TASK ITEM
Please transcribe the data that follows exactly as given, leaving out every picture.

Extracted data entries
◇ ◇ ◇ ◇

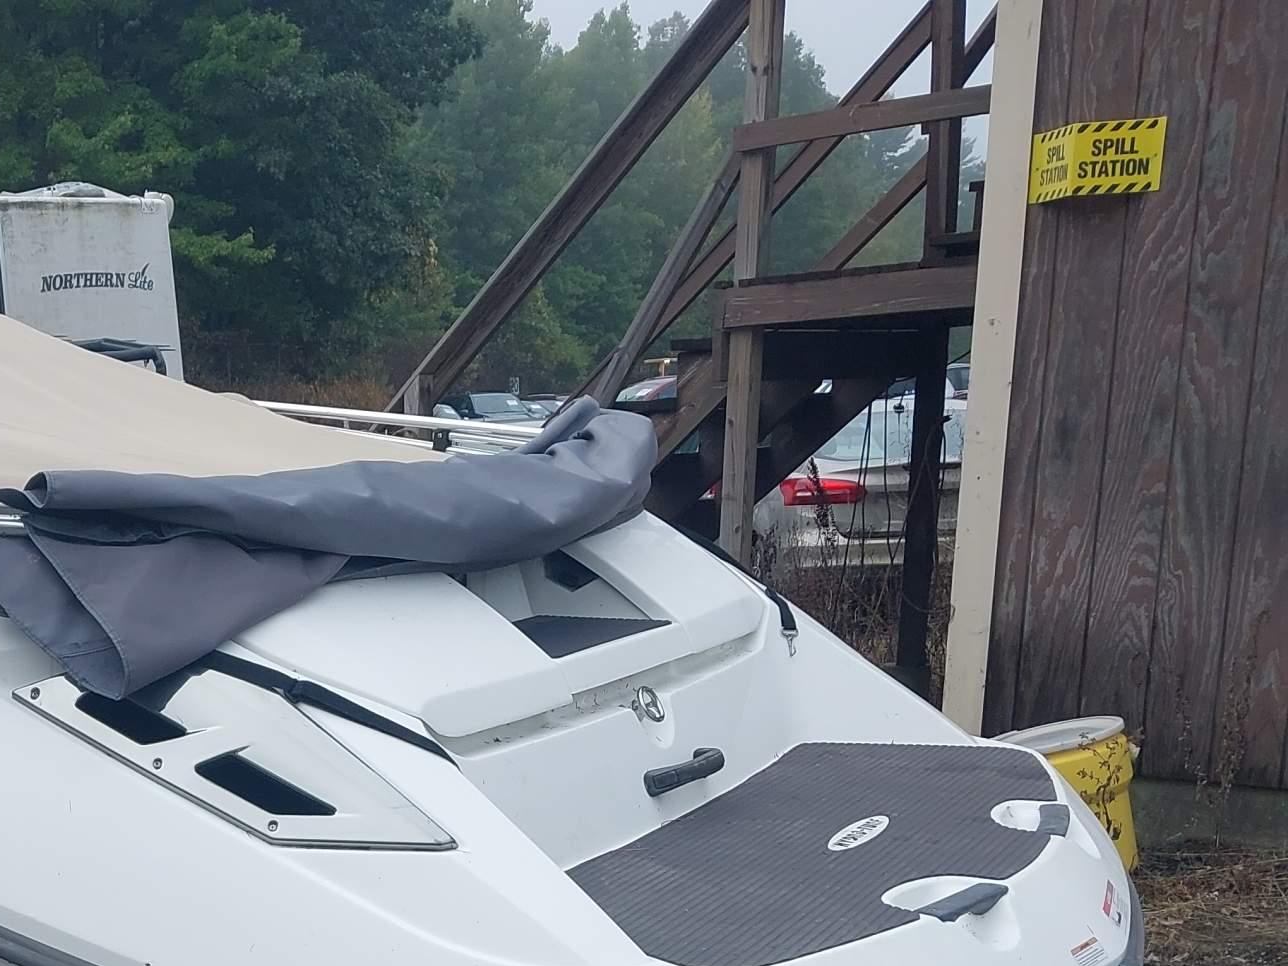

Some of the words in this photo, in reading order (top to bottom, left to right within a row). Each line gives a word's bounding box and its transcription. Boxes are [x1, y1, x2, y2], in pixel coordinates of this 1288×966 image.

[1046, 143, 1065, 165] SPILL
[1092, 136, 1139, 157] SPILL
[1039, 165, 1068, 186] STATION
[1077, 158, 1149, 179] STATION
[40, 272, 126, 293] NORTHERN
[127, 263, 154, 291] Lite
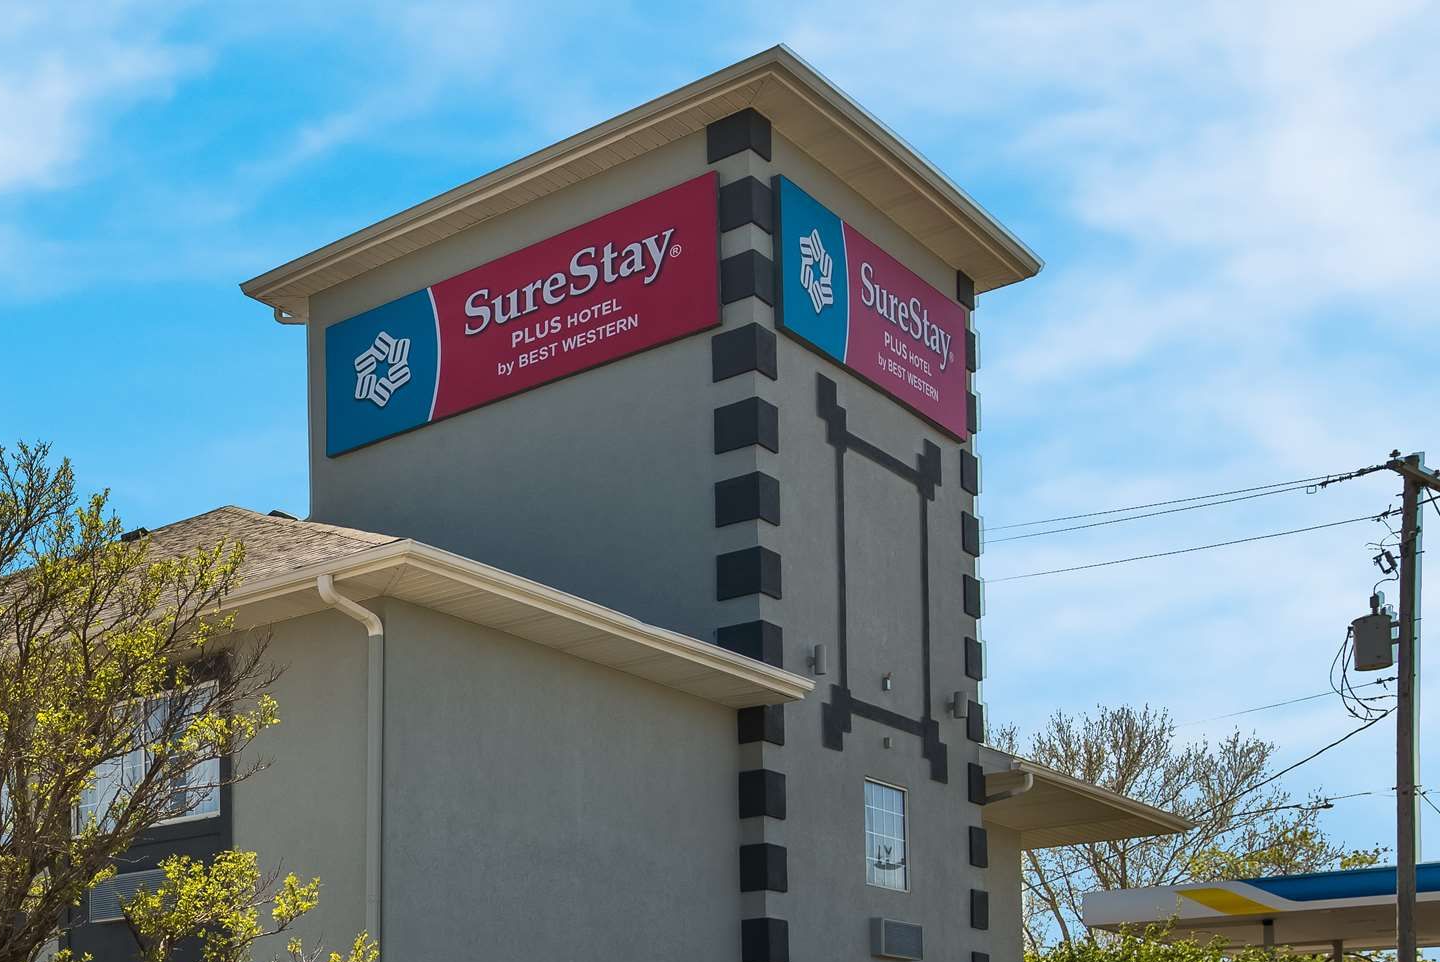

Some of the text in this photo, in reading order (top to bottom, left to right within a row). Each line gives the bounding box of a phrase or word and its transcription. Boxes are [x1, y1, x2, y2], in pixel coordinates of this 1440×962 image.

[497, 314, 640, 377] by BEST WESTERN
[511, 298, 622, 348] PLUS HOTEL
[878, 352, 939, 403] by BEST WESTERN
[884, 331, 932, 377] PLUS HOTEL

◇ ◇ ◇ ◇

RESULT OF THIS TASK
Some of the words in this photo, in reading order (top to bottom, left to right within a row). Each line gives a word's bounding box and its transcription. Boxes are [x1, y1, x2, y2], in pixel coordinates of this 1288×966 image.

[1046, 143, 1065, 165] SPILL
[1092, 136, 1139, 157] SPILL
[1039, 165, 1068, 186] STATION
[1077, 158, 1149, 179] STATION
[40, 272, 126, 293] NORTHERN
[127, 263, 154, 291] Lite

Some of the text in this photo, in reading order (top to bottom, left to right within a row). Each line gives the bounding box of a phrase or word and its transcription. Boxes are [x1, y1, x2, y2], in pixel coordinates of this 1440×962 image.

[497, 314, 640, 377] by BEST WESTERN
[511, 298, 622, 348] PLUS HOTEL
[878, 352, 939, 403] by BEST WESTERN
[884, 331, 932, 377] PLUS HOTEL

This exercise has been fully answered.